A comprehensive guide to the next half century
By Alex Stanton, Staff Writer
Technology as we know it today, considered a luxury by most in the 1990s, is an integral part of most people’s lives in the developed world. Smartphones, GPS, and the like have become deeply rooted in our daily lives. This, in particular, goes for the latest generation to reach adulthood—a demographic commonly referred to as the millennials.
Being a millennial and with conscious memory of the late ‘90s, I find the staggeringly fast rate at which science and technology have been developing in the past decade to be mind-boggling, frightening as hell, and incredibly humbling—all at once. Like most of you, I don’t particularly miss the days before all these advancements; that’s why we’ve got the future, and never has it been as visible to us as it is now. Countless experts, referred to as futurologists, have used the wonders of science to give us a glimpse decades into the future. Here are some of the technological advancements and innovations that we can expect to witness this year and in the foreseeable future.
By the end of the year
Engineered and tested back in 2013, the world’s first self-regulating artificial heart, created by French professor Alain Carpentier, is currently going through closed clinical trials and is expected to go on sale in Europe by the end of this year for about $250,000.

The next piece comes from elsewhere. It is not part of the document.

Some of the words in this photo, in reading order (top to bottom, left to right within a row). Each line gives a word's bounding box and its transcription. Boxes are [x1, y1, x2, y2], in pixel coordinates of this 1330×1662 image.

Japanese beverage maker Otsuka is expected to make the very first advertisement on the surface of the moon with a giant can of Pocari Sweat filled with drink powder and handwritten children’s dreams.
You can also expect electric cars to begin picking up traction in the automobile industry: by the end of 2015, electric car ownership worldwide is estimated to reach one million people. This obviously isn’t very much when you consider how populated the world is, but if compared to 2010—when the number of electric cars on the road was just about 2.5 per cent of this number—you may begin to be convinced that environmentally friendly cars are here to stay.

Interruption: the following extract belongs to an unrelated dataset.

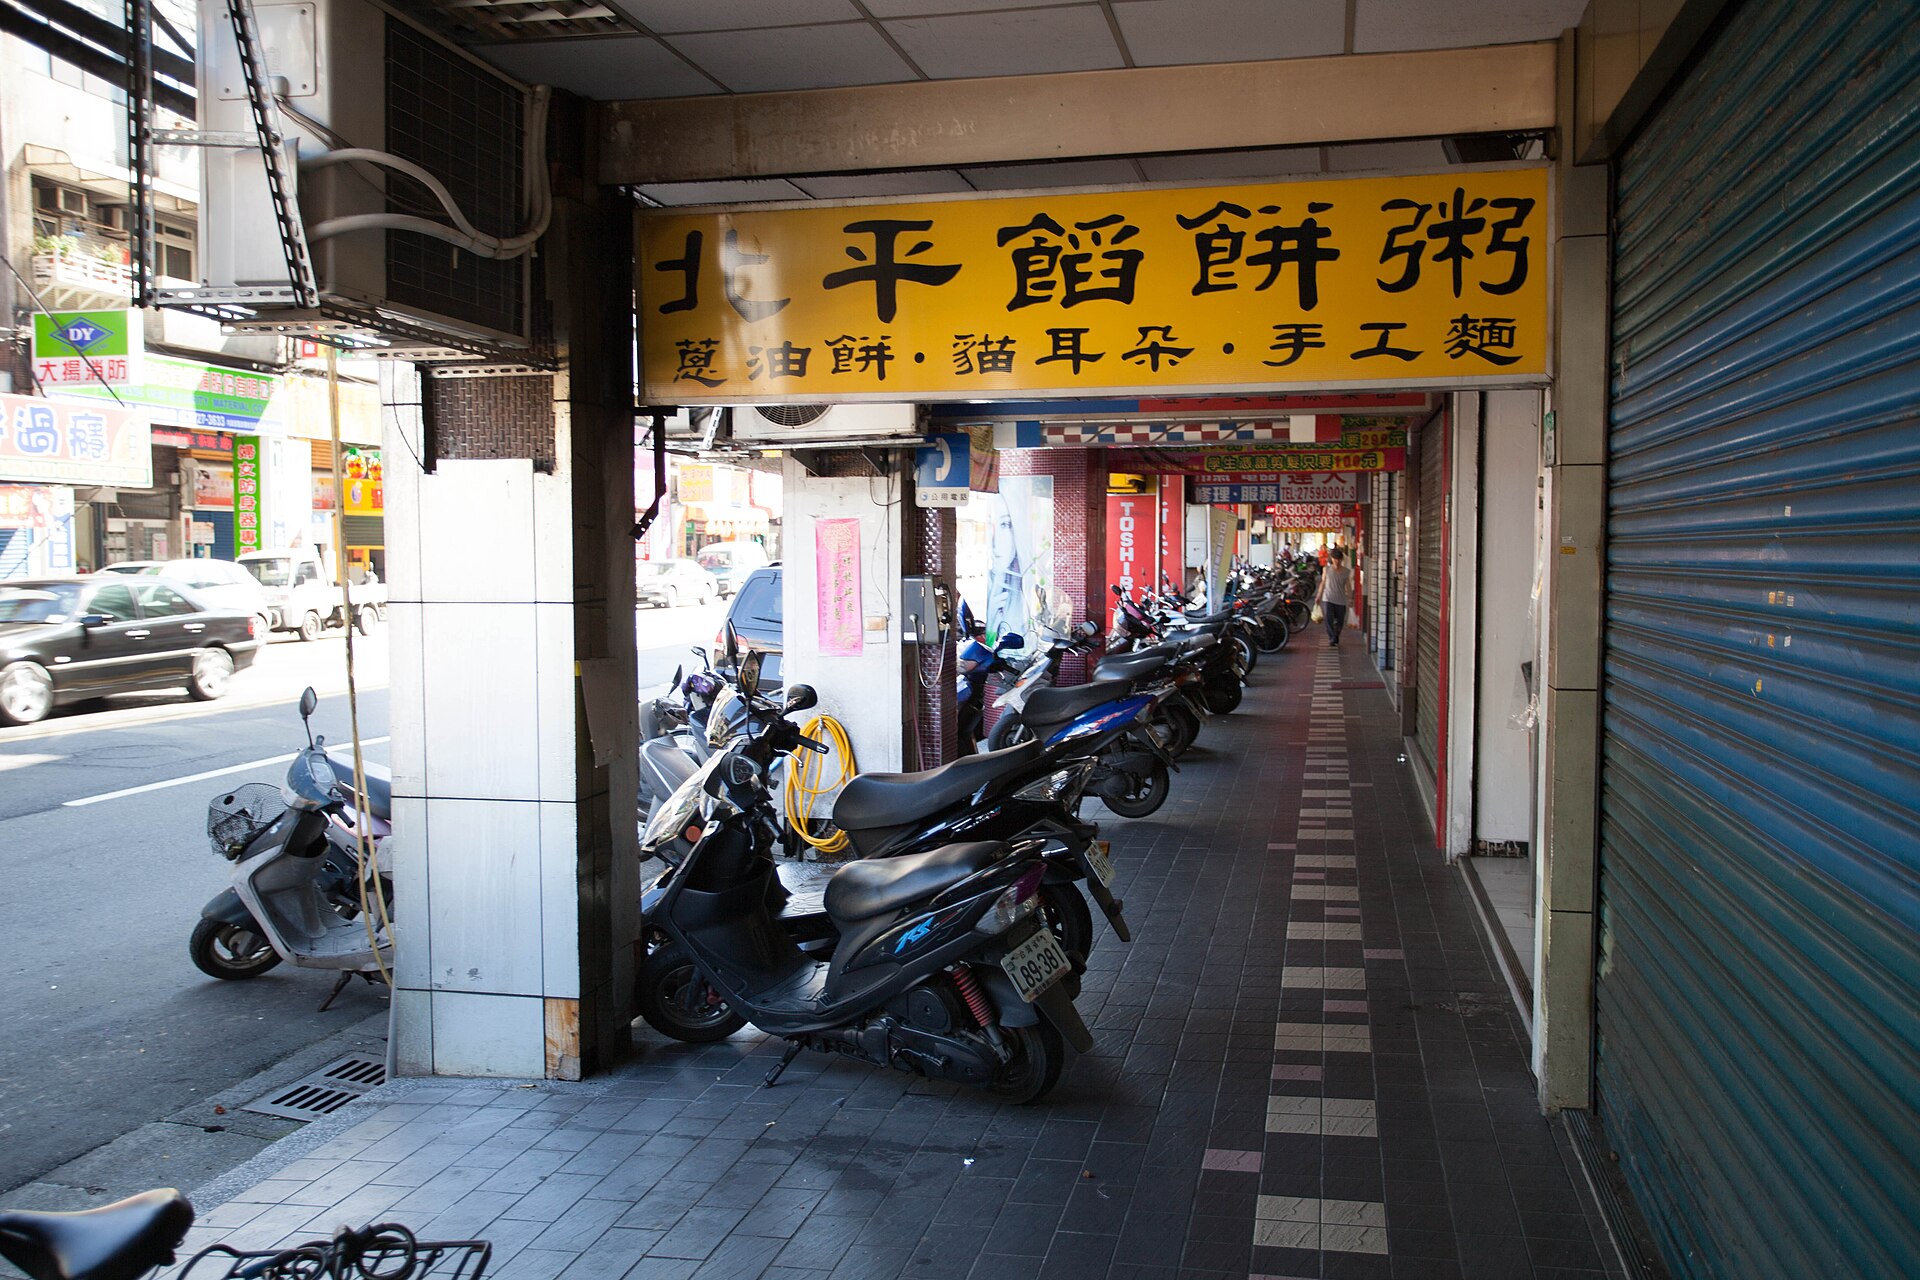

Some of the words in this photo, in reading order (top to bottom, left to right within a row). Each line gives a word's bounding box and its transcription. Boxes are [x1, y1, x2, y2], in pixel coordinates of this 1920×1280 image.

[655, 187, 1535, 323] 北平餡餅粥
[68, 328, 95, 341] DY
[0, 404, 107, 459] 過癮

What has become arguably one of the biggest news pieces of the millennium so far is the possibility of human settlement on Mars. A non-profit organization in the Netherlands called Mars One is expected to send 24 people to the red planet—the objective of the trip being to colonize and take up permanent residence on Mars. Lift off is expected to take place in April of 2024 (though recent reports have the mission being delayed).
In what will become yet another milestone in the battle against cancer, Hodgkin’s Lymphoma is expected to reach a five-year survival rate of 100 per cent in the entire developed world. As of 2015, that statistic sits at 85 per cent in North America.

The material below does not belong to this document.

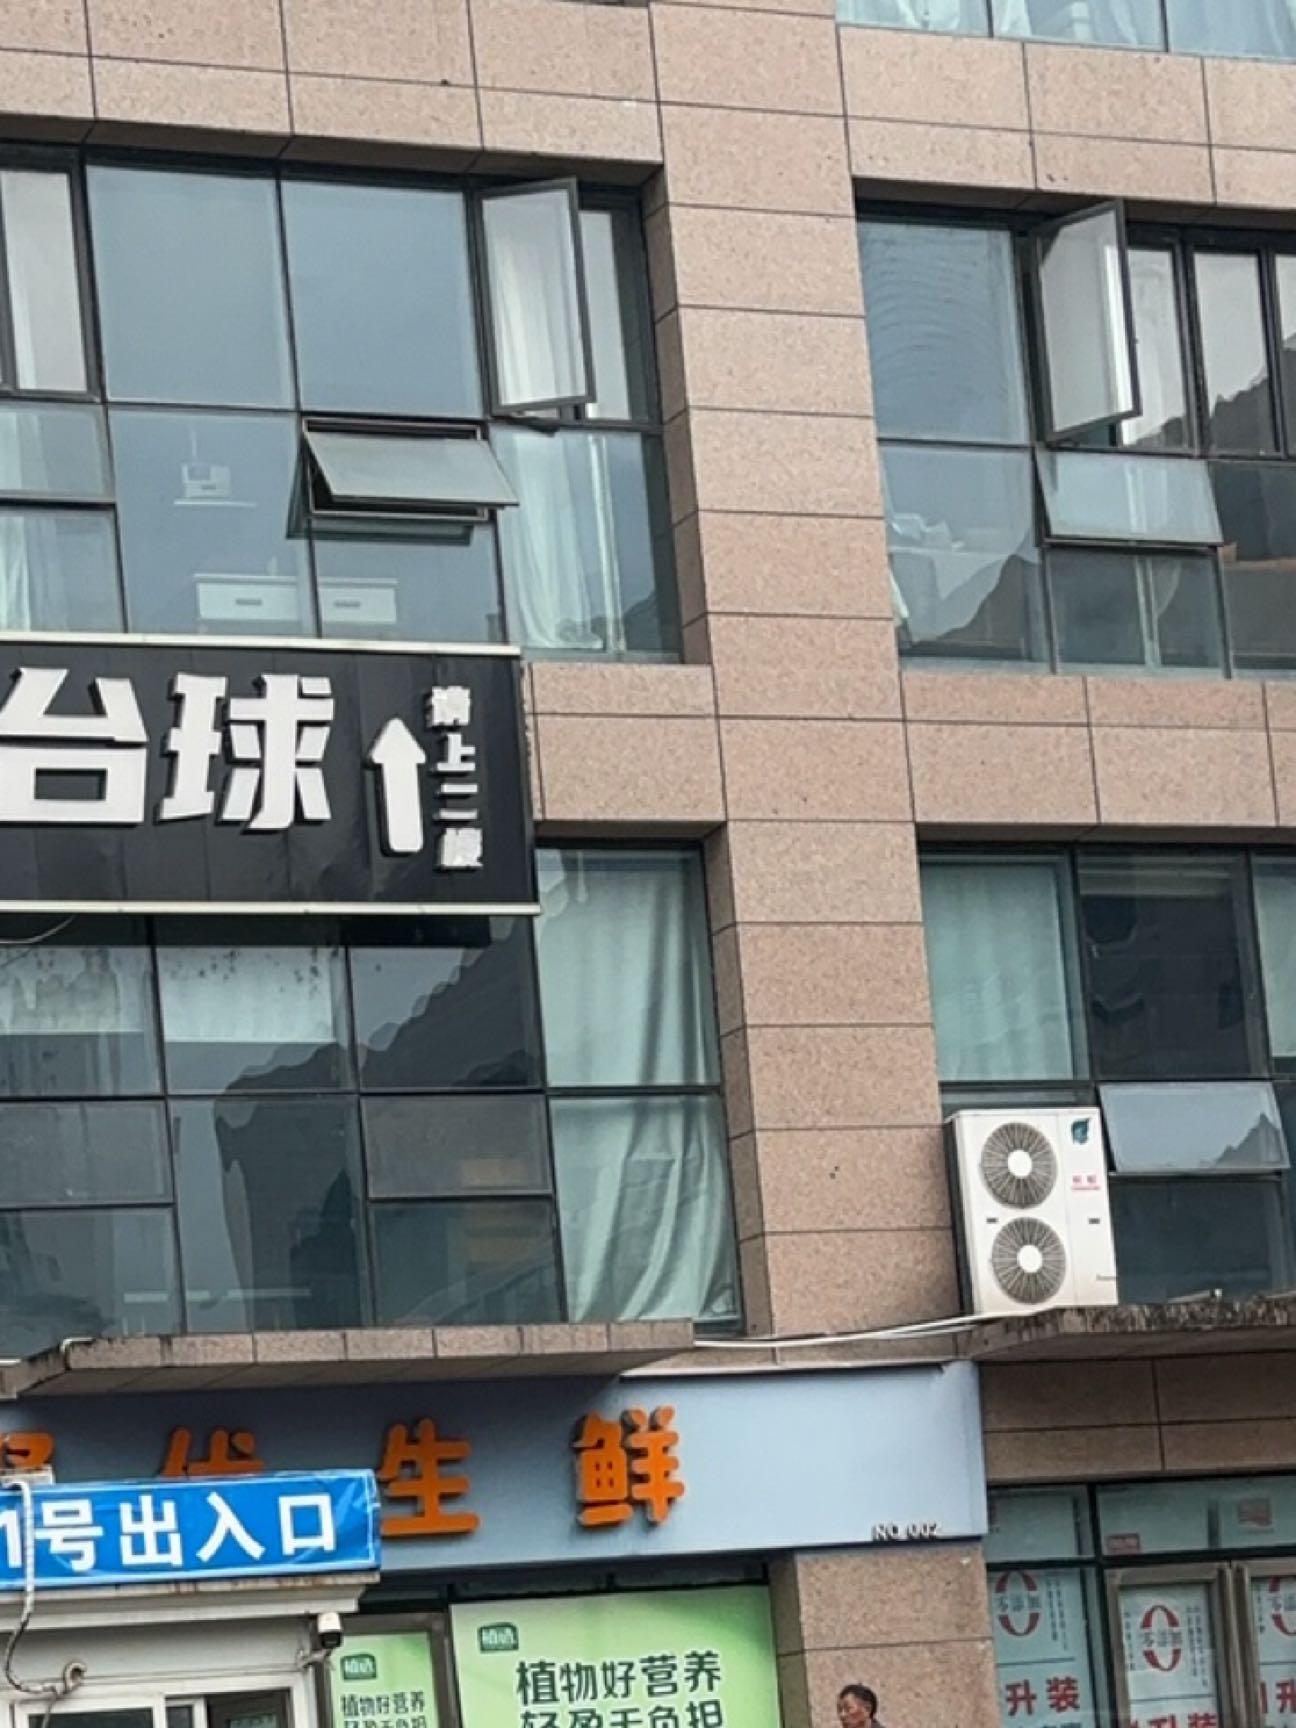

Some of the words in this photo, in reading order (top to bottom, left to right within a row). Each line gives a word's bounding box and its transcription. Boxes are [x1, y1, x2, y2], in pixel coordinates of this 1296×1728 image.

For all the Netflix binge watchers and Call of Duty players out there, you’ll be happy to know that your ultra-high-definition television will be compatible with resolutions of up to 4320p; what’s more, they’re also expected to be readily available in holographic models. Video games will be designed to take advantage of the exponentially advancing picture quality and will have photo-realistic graphics.
By the close of this decade, nearly the entire planet—even the remotest of areas—will have access to fast, wireless, broadband Internet. This number is expected to reach 5-billion people (a massive chunk of the world’s population) in 2025.
The lines separating “Artificial” and “Intelligence” of “Artificial Intelligence” become increasingly blurred as robotic assistants become emotionally intelligent and technologically impressive. Predicted to become commonly owned by people of the developed world by mid-2030’s, robots will serve as avatars for a highly advanced technology and/or as your personal servants, doing basically whatever tasks you would want them to do like writing emails, cleaning, bathing the dog, and much more.
On the other side of that spectrum, keep an eye out for Terminator-like robots on the battlefields. Futurologist George Dvorsky states that “despite calls to halt the development of machine soldiers that identify and kill without human input, military leaders will not hesitate to use a robot when a human life can be spared”; this, according to Dvorsky, will lead to robot soldiers that would be superior to humans in every way and, quite likely, an arms race between the world’s superpowers. On a happier note, Dvorsky predicts that geneticists will come up with an anti-aging agent that isn’t a complete scam, and lab-grown organs will be widely available for those in need.
If you’re around my age, you came of age right around the end of the 20th century; you might have used your childhood imagination to compare what you knew about the time passed to what you thought about the time to come. Many find themselves wondering if they’ve finally reached the future that captured their imaginations as kids. Is the future here? I say so. But it’s only just the beginning.